Cranberries are unlike any other fruit in the world. From Cape Cod to Washington State, the cranberry has played a role in holiday culture and family health & wellness for years.
Cranberries are considered one of the world’s healthiest foods, has a refreshingly tart taste. Studies have shown that when consumed whole, they do a better job of protecting our cardiovascular system and liver. The dietary intake of nutrients appears to apply to the antioxidant benefits, anti-inflammatory benefits, and anti-cancer benefits of cranberries.
Cranberry Fun Facts
- The cranberry is one of only a handful of major fruits native to North America.
- The cranberry gets its name from Dutch and German settlers, who called it "crane berry." When the vines bloom in the late spring and the flowers' light pink petals twist back, they have a resemblance to the head and bill of a crane. Over time, the name was shortened to cranberry.
- During the days of wooden ships and iron men, American vessels carried cranberries. It was the cranberry's generous supply of vitamin C that prevented scurvy.
- Native Americans used cranberries to make a survival cake known as pemmican.
- American recipes containing cranberries date from the early 18th Century.
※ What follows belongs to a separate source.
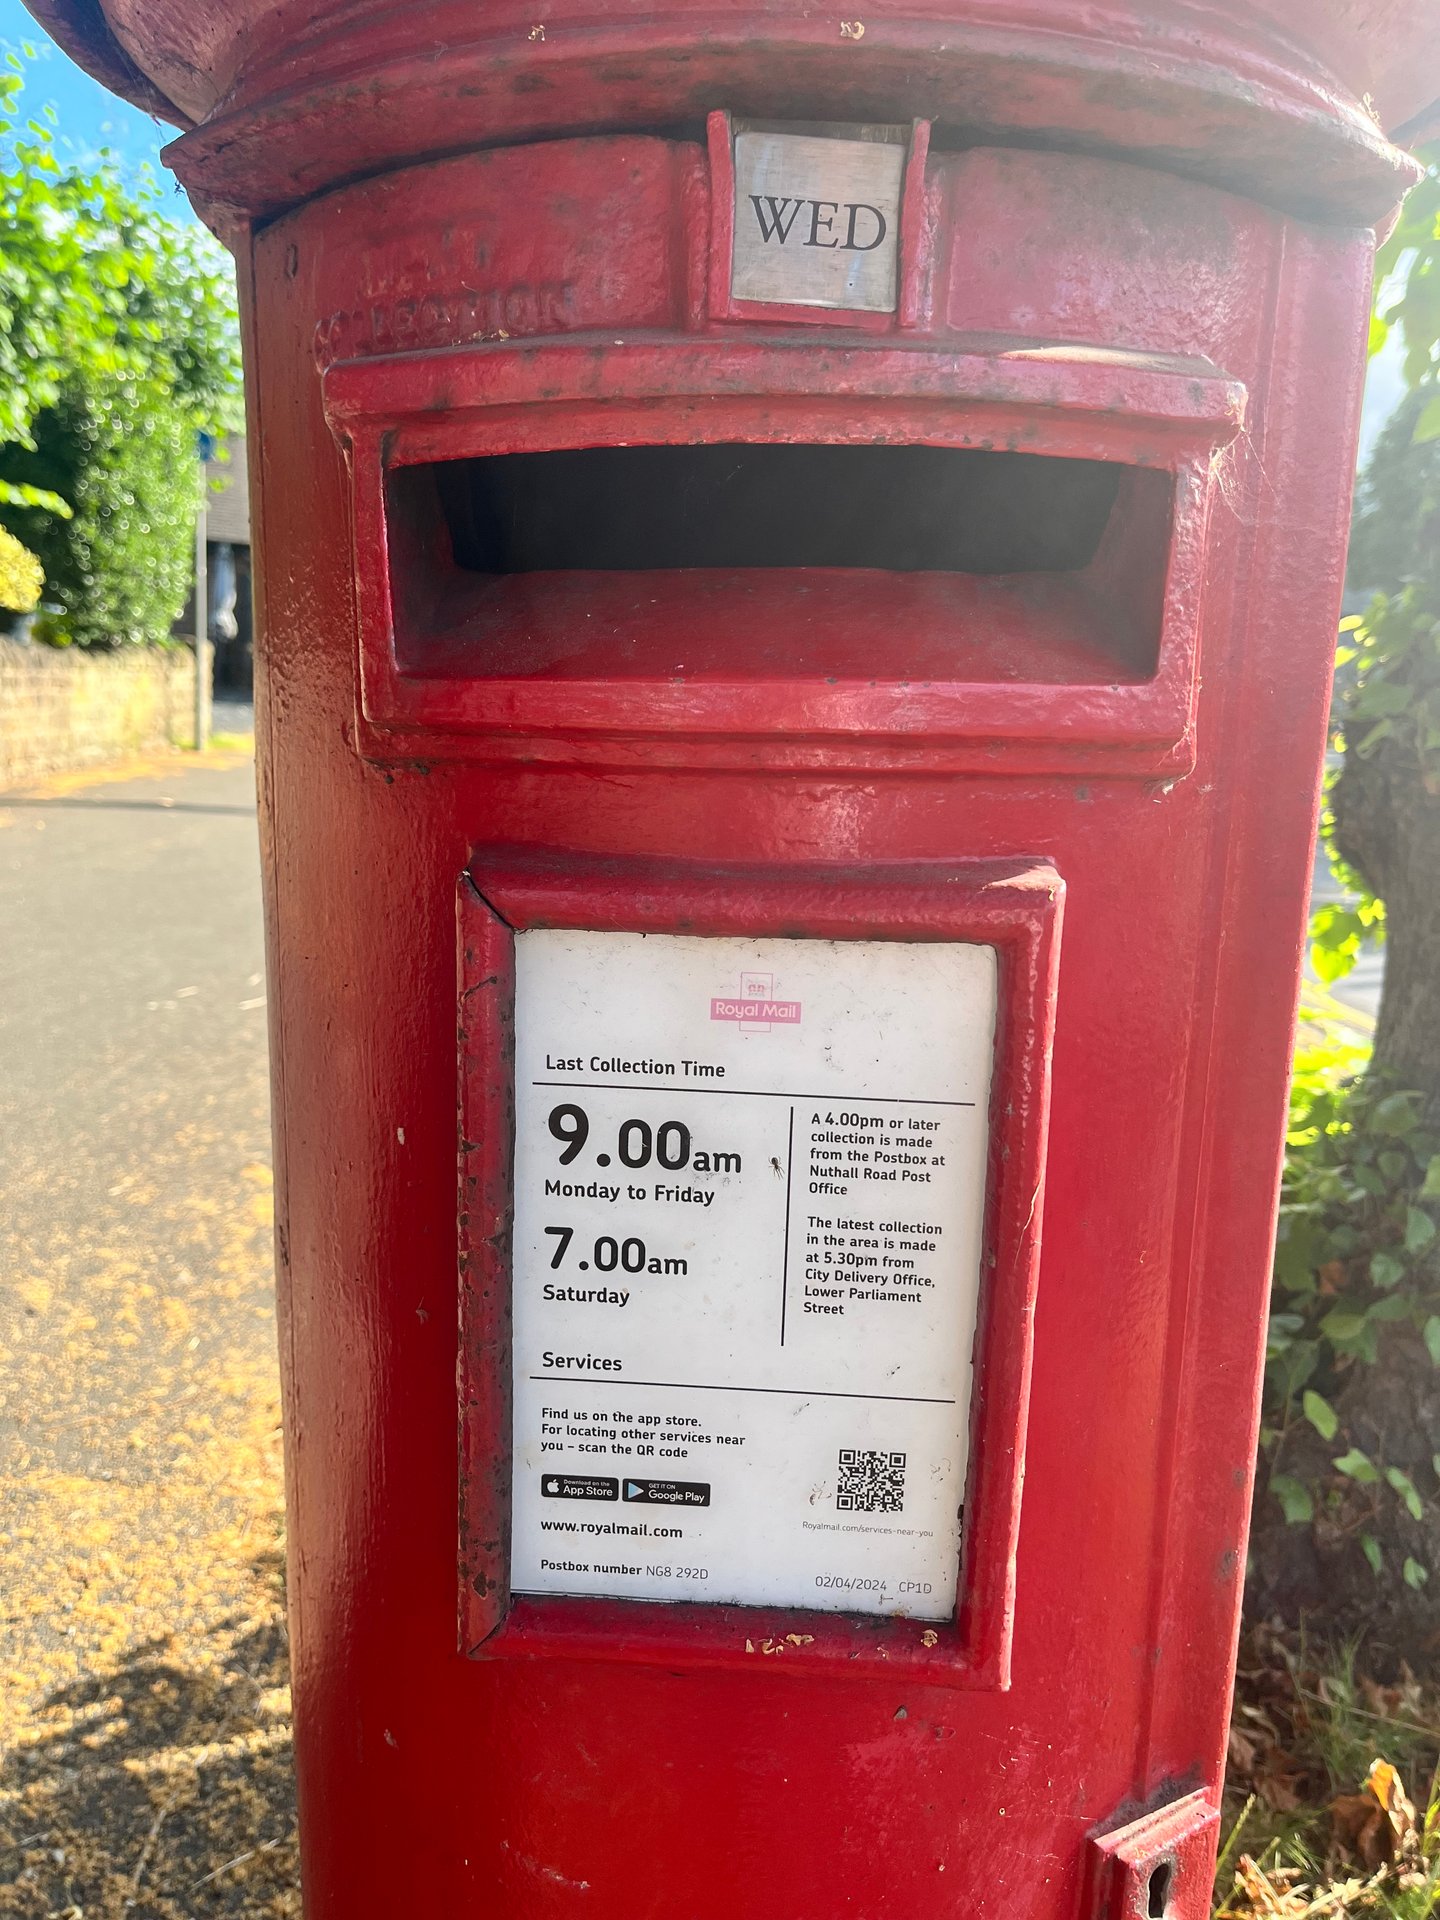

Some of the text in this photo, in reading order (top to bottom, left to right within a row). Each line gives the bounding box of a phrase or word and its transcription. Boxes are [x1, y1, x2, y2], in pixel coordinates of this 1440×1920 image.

- Legend has it that the Pilgrims may have served cranberries at the first Thanksgiving in 1621 in Plymouth, Massachusetts.
- Contrary to popular belief, cranberries do not grow in water. They are grown on sandy bogs or marshes. Because cranberries float, some bogs are flooded when the fruit is ready for harvesting.
- Cranberries are primarily grown in five states -- Massachusetts, Wisconsin, New Jersey, Oregon, and Washington. There are nearly 1,000 cranberry growers in America.
- Cranberries are sometimes used to flavor wines, but do not ferment as naturally as grapes, making them unsuitable for the traditional winemaking process.
- 12 ounces cranberries
- 1 cup white sugar
- 1 cup orange juice
- In a medium-sized saucepan over medium heat, dissolve the sugar in the orange juice. Stir in the cranberries and cook until the cranberries start to pop (about 10 minutes). Remove from heat and place sauce in a bowl. Cranberry sauce will thicken as it cools.